Spatial localization data:
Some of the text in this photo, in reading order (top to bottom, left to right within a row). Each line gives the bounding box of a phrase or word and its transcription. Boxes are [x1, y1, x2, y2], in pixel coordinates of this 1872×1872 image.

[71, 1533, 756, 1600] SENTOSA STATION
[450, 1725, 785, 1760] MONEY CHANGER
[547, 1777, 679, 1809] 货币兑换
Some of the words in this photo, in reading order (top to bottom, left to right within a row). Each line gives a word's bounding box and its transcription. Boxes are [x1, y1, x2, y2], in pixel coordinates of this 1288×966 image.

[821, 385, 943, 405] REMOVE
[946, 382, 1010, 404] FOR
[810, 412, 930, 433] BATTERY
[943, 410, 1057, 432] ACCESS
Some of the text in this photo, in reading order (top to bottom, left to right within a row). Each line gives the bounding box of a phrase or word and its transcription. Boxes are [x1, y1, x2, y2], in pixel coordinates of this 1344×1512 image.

PROBLEM TO WORK ON
Write out an exact copy of every record shown above.

SOLUTION FOR THIS PROBLEM
Some of the text in this photo, in reading order (top to bottom, left to right within a row). Each line gives the bounding box of a phrase or word and its transcription. Boxes are [x1, y1, x2, y2], in pixel coordinates of this 1872×1872 image.

[71, 1533, 756, 1600] SENTOSA STATION
[450, 1725, 785, 1760] MONEY CHANGER
[547, 1777, 679, 1809] 货币兑换
Some of the words in this photo, in reading order (top to bottom, left to right within a row). Each line gives a word's bounding box and its transcription. Boxes are [x1, y1, x2, y2], in pixel coordinates of this 1288×966 image.

[821, 385, 943, 405] REMOVE
[946, 382, 1010, 404] FOR
[810, 412, 930, 433] BATTERY
[943, 410, 1057, 432] ACCESS
Some of the text in this photo, in reading order (top to bottom, left to right within a row). Each line gives the bounding box of a phrase or word and its transcription. Boxes are [x1, y1, x2, y2], in pixel coordinates of this 1344×1512 image.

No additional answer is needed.